- **Given data**:
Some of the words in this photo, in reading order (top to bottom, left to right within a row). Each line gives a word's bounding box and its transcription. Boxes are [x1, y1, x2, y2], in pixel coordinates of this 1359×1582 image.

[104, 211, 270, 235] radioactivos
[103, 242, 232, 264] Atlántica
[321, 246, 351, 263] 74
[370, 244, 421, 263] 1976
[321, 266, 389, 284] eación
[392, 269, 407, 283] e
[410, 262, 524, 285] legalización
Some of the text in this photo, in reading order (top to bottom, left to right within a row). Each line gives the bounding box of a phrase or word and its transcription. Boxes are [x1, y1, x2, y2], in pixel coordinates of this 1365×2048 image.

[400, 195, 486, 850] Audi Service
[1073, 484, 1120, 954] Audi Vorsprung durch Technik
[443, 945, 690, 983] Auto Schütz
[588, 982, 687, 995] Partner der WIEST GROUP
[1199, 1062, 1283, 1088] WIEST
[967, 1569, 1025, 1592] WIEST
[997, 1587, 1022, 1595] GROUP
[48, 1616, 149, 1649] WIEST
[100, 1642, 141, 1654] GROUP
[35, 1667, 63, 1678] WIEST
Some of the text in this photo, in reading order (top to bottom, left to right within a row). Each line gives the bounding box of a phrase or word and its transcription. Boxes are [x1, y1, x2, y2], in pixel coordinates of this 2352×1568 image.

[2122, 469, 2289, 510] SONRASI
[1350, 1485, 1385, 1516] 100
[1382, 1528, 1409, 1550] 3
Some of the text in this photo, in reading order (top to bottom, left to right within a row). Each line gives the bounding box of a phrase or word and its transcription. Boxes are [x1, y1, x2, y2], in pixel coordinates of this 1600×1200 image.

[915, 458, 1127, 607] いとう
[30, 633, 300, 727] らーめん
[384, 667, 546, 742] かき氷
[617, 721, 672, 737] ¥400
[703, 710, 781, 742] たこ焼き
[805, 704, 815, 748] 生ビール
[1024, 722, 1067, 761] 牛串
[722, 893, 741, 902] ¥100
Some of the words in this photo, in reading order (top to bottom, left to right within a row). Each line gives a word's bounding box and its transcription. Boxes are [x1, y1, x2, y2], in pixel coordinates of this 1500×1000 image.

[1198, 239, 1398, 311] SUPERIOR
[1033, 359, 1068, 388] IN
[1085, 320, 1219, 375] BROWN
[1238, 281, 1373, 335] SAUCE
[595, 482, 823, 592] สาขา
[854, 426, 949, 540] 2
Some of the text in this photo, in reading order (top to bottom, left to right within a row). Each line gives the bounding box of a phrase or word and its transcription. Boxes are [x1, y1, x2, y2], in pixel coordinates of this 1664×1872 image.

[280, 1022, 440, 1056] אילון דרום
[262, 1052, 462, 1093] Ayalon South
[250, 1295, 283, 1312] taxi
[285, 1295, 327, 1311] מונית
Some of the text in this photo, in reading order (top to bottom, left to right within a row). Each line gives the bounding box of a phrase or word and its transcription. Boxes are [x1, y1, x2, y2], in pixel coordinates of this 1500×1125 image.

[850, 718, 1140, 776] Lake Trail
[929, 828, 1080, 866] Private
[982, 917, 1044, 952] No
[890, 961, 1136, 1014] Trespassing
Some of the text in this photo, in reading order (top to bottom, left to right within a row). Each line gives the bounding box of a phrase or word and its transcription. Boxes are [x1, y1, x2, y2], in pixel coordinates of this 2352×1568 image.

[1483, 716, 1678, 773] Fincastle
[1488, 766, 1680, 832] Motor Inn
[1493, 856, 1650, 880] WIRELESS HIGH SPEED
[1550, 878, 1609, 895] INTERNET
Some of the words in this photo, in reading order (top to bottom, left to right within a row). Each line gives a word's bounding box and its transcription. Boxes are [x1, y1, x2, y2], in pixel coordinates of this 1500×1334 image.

- **Exercise instructions**:
Once more and in full, please write out the listing above exactly.

- **Reply to the task**:
Some of the words in this photo, in reading order (top to bottom, left to right within a row). Each line gives a word's bounding box and its transcription. Boxes are [x1, y1, x2, y2], in pixel coordinates of this 1359×1582 image.

[104, 211, 270, 235] radioactivos
[103, 242, 232, 264] Atlántica
[321, 246, 351, 263] 74
[370, 244, 421, 263] 1976
[321, 266, 389, 284] eación
[392, 269, 407, 283] e
[410, 262, 524, 285] legalización
Some of the text in this photo, in reading order (top to bottom, left to right within a row). Each line gives the bounding box of a phrase or word and its transcription. Boxes are [x1, y1, x2, y2], in pixel coordinates of this 1365×2048 image.

[400, 195, 486, 850] Audi Service
[1073, 484, 1120, 954] Audi Vorsprung durch Technik
[443, 945, 690, 983] Auto Schütz
[588, 982, 687, 995] Partner der WIEST GROUP
[1199, 1062, 1283, 1088] WIEST
[967, 1569, 1025, 1592] WIEST
[997, 1587, 1022, 1595] GROUP
[48, 1616, 149, 1649] WIEST
[100, 1642, 141, 1654] GROUP
[35, 1667, 63, 1678] WIEST
Some of the text in this photo, in reading order (top to bottom, left to right within a row). Each line gives the bounding box of a phrase or word and its transcription. Boxes are [x1, y1, x2, y2], in pixel coordinates of this 2352×1568 image.

[2122, 469, 2289, 510] SONRASI
[1350, 1485, 1385, 1516] 100
[1382, 1528, 1409, 1550] 3
Some of the text in this photo, in reading order (top to bottom, left to right within a row). Each line gives the bounding box of a phrase or word and its transcription. Boxes are [x1, y1, x2, y2], in pixel coordinates of this 1600×1200 image.

[915, 458, 1127, 607] いとう
[30, 633, 300, 727] らーめん
[384, 667, 546, 742] かき氷
[617, 721, 672, 737] ¥400
[703, 710, 781, 742] たこ焼き
[805, 704, 815, 748] 生ビール
[1024, 722, 1067, 761] 牛串
[722, 893, 741, 902] ¥100
Some of the words in this photo, in reading order (top to bottom, left to right within a row). Each line gives a word's bounding box and its transcription. Boxes are [x1, y1, x2, y2], in pixel coordinates of this 1500×1000 image.

[1198, 239, 1398, 311] SUPERIOR
[1033, 359, 1068, 388] IN
[1085, 320, 1219, 375] BROWN
[1238, 281, 1373, 335] SAUCE
[595, 482, 823, 592] สาขา
[854, 426, 949, 540] 2
Some of the text in this photo, in reading order (top to bottom, left to right within a row). Each line gives the bounding box of a phrase or word and its transcription. Boxes are [x1, y1, x2, y2], in pixel coordinates of this 1664×1872 image.

[280, 1022, 440, 1056] אילון דרום
[262, 1052, 462, 1093] Ayalon South
[250, 1295, 283, 1312] taxi
[285, 1295, 327, 1311] מונית
Some of the text in this photo, in reading order (top to bottom, left to right within a row). Each line gives the bounding box of a phrase or word and its transcription. Boxes are [x1, y1, x2, y2], in pixel coordinates of this 1500×1125 image.

[850, 718, 1140, 776] Lake Trail
[929, 828, 1080, 866] Private
[982, 917, 1044, 952] No
[890, 961, 1136, 1014] Trespassing
Some of the text in this photo, in reading order (top to bottom, left to right within a row). Each line gives the bounding box of a phrase or word and its transcription. Boxes are [x1, y1, x2, y2], in pixel coordinates of this 2352×1568 image.

[1483, 716, 1678, 773] Fincastle
[1488, 766, 1680, 832] Motor Inn
[1493, 856, 1650, 880] WIRELESS HIGH SPEED
[1550, 878, 1609, 895] INTERNET
Some of the words in this photo, in reading order (top to bottom, left to right within a row). Each line gives a word's bounding box and its transcription. Boxes are [x1, y1, x2, y2], in pixel coordinates of this 1500×1334 image.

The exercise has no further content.